#### EXTRACTED DATA
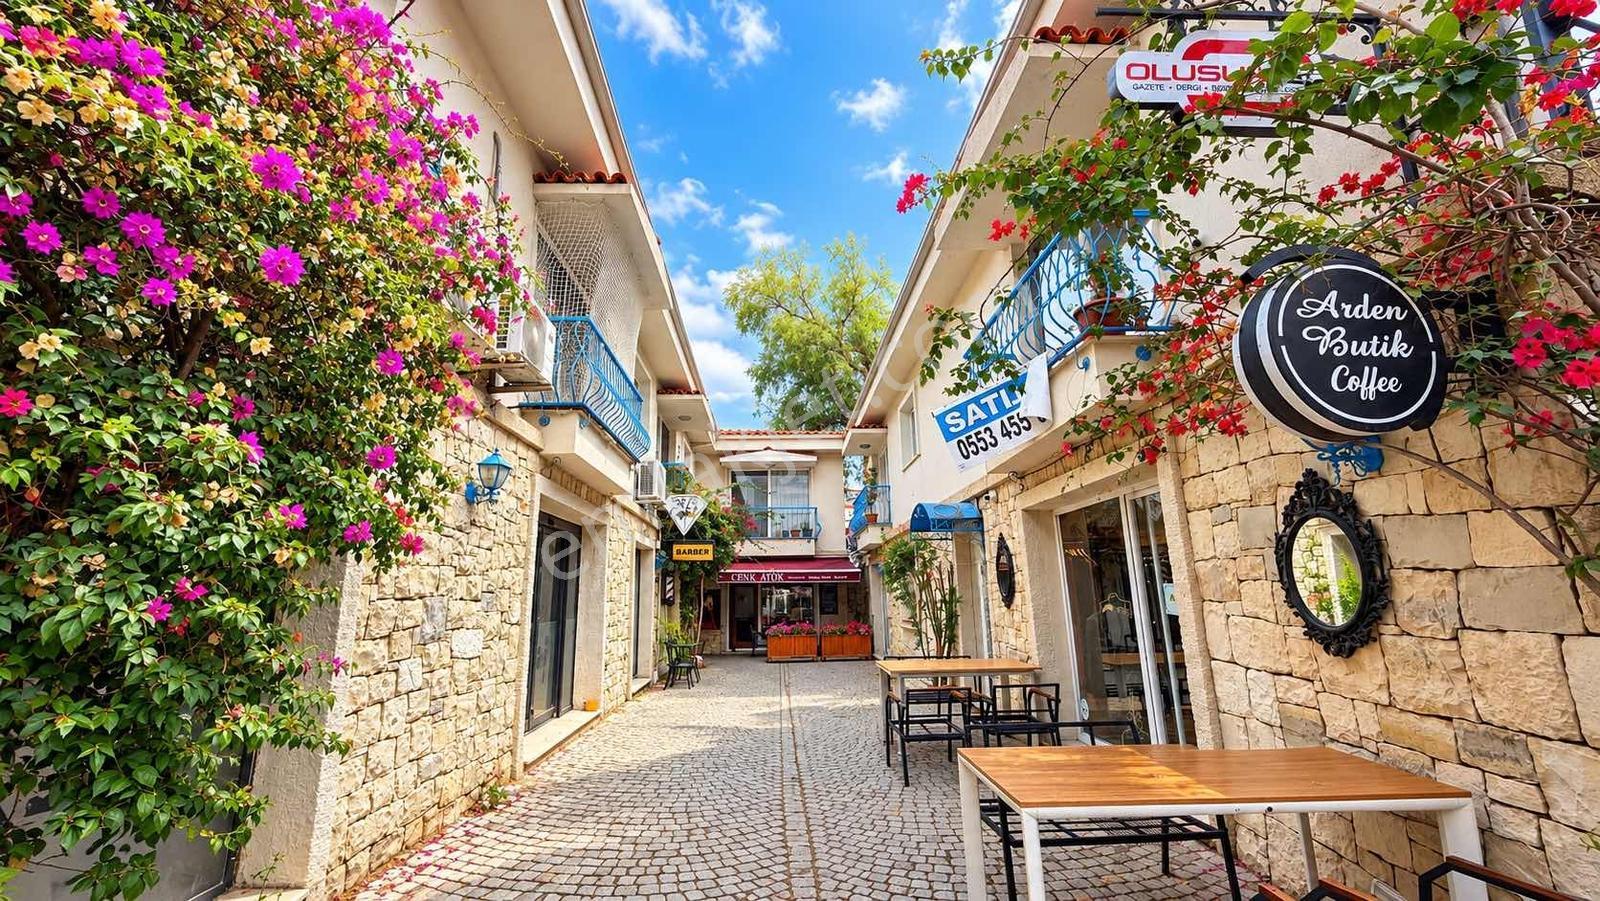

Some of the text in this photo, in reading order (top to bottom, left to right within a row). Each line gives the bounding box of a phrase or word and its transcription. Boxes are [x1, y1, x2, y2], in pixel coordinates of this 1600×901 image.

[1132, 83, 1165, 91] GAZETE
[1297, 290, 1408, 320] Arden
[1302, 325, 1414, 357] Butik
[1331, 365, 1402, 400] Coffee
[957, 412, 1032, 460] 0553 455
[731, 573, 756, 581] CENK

#### TASK TO CARRY OUT
Reproduce the listing exactly, minus its pictures.

#### EXERCISE RESPONSE
Some of the text in this photo, in reading order (top to bottom, left to right within a row). Each line gives the bounding box of a phrase or word and its transcription. Boxes are [x1, y1, x2, y2], in pixel coordinates of this 1600×901 image.

[1132, 83, 1165, 91] GAZETE
[1297, 290, 1408, 320] Arden
[1302, 325, 1414, 357] Butik
[1331, 365, 1402, 400] Coffee
[957, 412, 1032, 460] 0553 455
[731, 573, 756, 581] CENK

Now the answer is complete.